Engaging in career searches with PathwayManager
In helping students explore possible options after high school, students use PathwayManager during their time at the high school.
By applying PathwayManager through requirements and classes, Souderton Area High School career exploration coordinators and student ambassadors are using PathwayManager to help students explore career fields and their post-secondary options.
Mentorship coordinator Amy Tarlo said that PathwayManager is a program that hosts information for students to use as they explore careers.
“PathwayManager is a resource, and we want to teach kids in high school to utilize your resources,” Tarlo said.
PathwayManager gives students a platform to explore careers and take courses related to those careers.
According to career counselor Michael Darcy, the career exploration department wanted PathwayManager to have students thinking long-term, but they did not want them thinking long-term, meaning they want to see students weighing out their options and planning their futures, but not fixating on one specific plan.
Pathway 360 is a program that lays out this process of career exploration for staff members to follow in the form of graduation requirements.
PathwayManager supports Pathway 360 by displaying the part of the process students need to complete.
“Pathways is about exploring who you want to be,” computer science teacher Michael Olenick said.
Pathway 360’s involvement within the school also allows this exploration to occur outside of in-school courses and organizations.
According to Pathway Ambassador Frances Betancourt, PathwayManager allows students to explore and “experience things that you can’t just [get] in a classroom.”
Health and Human Services Pathway coordinator Stuart Marjoram agrees.
Marjoram said that seeing a work field that someone is interested in can assist in determining interests and possible careers in the future.
“The more experience you have outside these walls, the better off you’re [going to] be making the decisions for your future,” Marjoram said.
According to Olenick, PathwayManager’s goal is to help students explore career options in high school because they will be better off in college with an idea of what to do.
“It also connects you more to your courses,” Olenick said.

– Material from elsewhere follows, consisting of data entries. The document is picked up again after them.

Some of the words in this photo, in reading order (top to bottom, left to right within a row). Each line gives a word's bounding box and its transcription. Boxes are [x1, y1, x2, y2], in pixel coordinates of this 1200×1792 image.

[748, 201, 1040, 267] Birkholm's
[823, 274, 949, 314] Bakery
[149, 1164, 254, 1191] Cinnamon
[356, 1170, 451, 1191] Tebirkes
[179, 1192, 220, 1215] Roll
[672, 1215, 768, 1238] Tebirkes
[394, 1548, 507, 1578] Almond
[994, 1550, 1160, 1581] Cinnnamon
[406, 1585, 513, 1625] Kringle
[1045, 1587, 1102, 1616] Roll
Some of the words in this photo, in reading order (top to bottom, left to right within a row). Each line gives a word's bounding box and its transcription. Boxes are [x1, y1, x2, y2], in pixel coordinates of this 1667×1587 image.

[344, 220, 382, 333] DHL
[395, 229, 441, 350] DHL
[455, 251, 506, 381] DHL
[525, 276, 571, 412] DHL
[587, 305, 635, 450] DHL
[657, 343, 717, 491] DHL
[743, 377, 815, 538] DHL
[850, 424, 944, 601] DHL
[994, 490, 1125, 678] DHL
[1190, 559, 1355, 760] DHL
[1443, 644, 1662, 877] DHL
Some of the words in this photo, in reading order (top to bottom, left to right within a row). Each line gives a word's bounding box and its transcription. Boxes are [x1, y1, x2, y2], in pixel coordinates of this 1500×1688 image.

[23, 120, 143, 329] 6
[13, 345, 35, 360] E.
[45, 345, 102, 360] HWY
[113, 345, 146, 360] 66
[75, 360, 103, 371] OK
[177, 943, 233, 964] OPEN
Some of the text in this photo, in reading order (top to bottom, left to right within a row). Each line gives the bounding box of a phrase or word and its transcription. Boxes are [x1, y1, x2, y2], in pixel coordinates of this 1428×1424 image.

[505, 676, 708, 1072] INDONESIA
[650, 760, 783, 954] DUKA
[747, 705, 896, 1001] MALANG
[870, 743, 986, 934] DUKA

Tarlo said that PathwayManager assists students by offering them opportunities to learn about possible careers, one opportunity being a mentorship.
“We believe you can’t be what you can’t see, and a mentorship allows a student to see things so they know the possibilities of what they can be,” Tarlo said.
Reflections are also required as an opportunity to learn about post-high school interests.
Marjoram said that these reflections allow students to see what they have an interest in and what they do not.
PathwayManager also allows easy access to student information to allow teachers to discuss student career paths during fifth block periods.
Olenick said that the most important part of PathwayManager from a staff member’s perspective is using this data to support career conversations.
“If I was interested in knowing how many students were in a particular Pathway as a staff member, I can log in and see where everybody is at,” Olenick said.
To understand the program better and complete the requirements on time, there are many methods and recommendations that teachers and students suggest.
According to Darcy, getting a routine of checking the website will help “eliminate hopefully a lot of the confusion when it comes to navigating that system.”
Tarlo said that another way to clear any possible confusion about the website is to talk to fifth block teachers with any questions.
According to Betancourt, students should take advantage of fifth blocks to complete these requirements “because if you put it off, you’re probably not going to end up doing it.”
“PathwayManager is just a great tool to use and we’re looking forward to expanding it,” Darcy said.